Variance: Video

Flash and JavaScript are required for this feature.

Download the video from iTunes U or the Internet Archive.

PROFESSOR: If we're going to make use of Chebyshev's Bound and other results that depend on the variance, we'll need some methods for calculating variance in various circumstances. So let's develop that here.

A basic place to begin is to ask about the indicator variables and their variance. Remember, i is an indicator variable that means that it's zero one value. It's also called the Bernoulli variable. And if the probability that it equals 1 is p, that's also its expectations. So we have an indicator variable with expectation of the indicator is p, and we're asking what's its variance, which by definition is the expectation of i minus p squared.

Well, this is one of the sort of almost mechanical proofs that follows simply by algebra and linearity of expectation. But let's walk through it step by step, just to reassure you that that's all that's involved. I would recommend against really trying to memorize this, because it's-- I can remember it anyway, I just reprove it every time I need it. And so, let's see how the proof would go.

So step one would be to expand this i minus p squared algebraically. So we're talking about the expectation of i squared minus 2pi plus p squared. Now we can just apply linearity of expectation, and I get the expectation of i squared minus 2p times the expectation of i plus p squared. Of course, the expectation of a constant is the constant. So when I take expectation of p squared, I get p squared.

But now look at this. i squared is zero one value. So in fact, i squared is equal to i and the expectation of i has now appeared here, that's p. So this term simplifies to expectation of i, and this term becomes 2p times p plus p squared.

Of course that expectation of i is a p. So I've got p minus 2p squared plus p squared. The p squareds cancel, and I get p minus p squared. If you factor out p, that's p times 1 minus p, or pq, which is the standard way that you write the variance of an indicator variable. It's p times 1 minus p. OK, that was easy, and again, completely mechanical.

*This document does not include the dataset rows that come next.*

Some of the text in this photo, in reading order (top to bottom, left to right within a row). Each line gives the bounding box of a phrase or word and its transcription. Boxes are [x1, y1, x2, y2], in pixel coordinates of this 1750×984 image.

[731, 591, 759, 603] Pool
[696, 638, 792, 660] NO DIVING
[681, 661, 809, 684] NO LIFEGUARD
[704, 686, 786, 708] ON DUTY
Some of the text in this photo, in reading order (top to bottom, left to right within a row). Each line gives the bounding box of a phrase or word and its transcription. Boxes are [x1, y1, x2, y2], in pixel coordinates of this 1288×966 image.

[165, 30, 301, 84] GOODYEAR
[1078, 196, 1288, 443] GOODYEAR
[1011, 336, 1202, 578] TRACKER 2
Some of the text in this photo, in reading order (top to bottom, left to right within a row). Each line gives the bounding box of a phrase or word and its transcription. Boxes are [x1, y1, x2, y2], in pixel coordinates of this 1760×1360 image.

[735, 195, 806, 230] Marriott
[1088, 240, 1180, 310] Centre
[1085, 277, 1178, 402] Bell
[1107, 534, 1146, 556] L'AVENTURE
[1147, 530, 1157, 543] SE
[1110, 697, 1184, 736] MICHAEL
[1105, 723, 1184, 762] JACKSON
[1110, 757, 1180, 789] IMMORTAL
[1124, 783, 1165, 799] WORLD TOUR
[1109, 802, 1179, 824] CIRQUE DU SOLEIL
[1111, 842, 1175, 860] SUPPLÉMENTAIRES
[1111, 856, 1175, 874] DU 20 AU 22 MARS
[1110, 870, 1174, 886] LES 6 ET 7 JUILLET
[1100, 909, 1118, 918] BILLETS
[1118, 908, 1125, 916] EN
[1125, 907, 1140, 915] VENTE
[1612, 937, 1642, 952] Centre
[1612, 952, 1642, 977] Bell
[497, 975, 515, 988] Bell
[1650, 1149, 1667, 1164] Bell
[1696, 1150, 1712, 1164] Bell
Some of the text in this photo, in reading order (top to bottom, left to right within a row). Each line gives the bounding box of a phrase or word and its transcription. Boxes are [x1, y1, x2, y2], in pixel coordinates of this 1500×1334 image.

There's a couple of other rules for calculating variance of new variables from old ones that are basic. Like [? additivity ?] of expectation, but it doesn't quite work so simply for variance. So the first rule is that if you ask about the variance of a constant times r plus b, that turns out to be the same as a squared times the variance of b-- of r. The b doesn't-- the additive of be doesn't matter, and the-- because the variance is really the expectation of something squared, when you get rid of that constant a, you're factoring out an squared. And this is the rule you get here. OK.

Another basic rule that's often convenient, instead of working with variance in the form of the expectation of r minus mu squared, is to say that it's the expectation of r squared minus the square of the expectation of r. Now, this expression-- the square of the expectation of r comes up so often that there's a shorthand for it. Where instead of writing [? parends ?] you write e squared of r, just means the same as expectation of r squared.

And so much for the second rule, which we'll use all the time, because it's a convenient rule to have. I'm going to prove the second one, just again, just to show you have nothing to worry about. You don't even have to remember how the proof goes, of course, you can reconstruct it every time. So it's again simple proofs just by linearity of expectation and doing the algebra.

So the variance of r is by definition the expectation of r minus mu squared. Let's expand our minus mu squared. It's the expectation of r squared minus 2mu r plus mu squared. Now we apply linearity to that. I get the expectation of r squared minus 2mu expectation of r, plus the expectation of mu squared, if I'm really being completely mechanical about linearity of expectation.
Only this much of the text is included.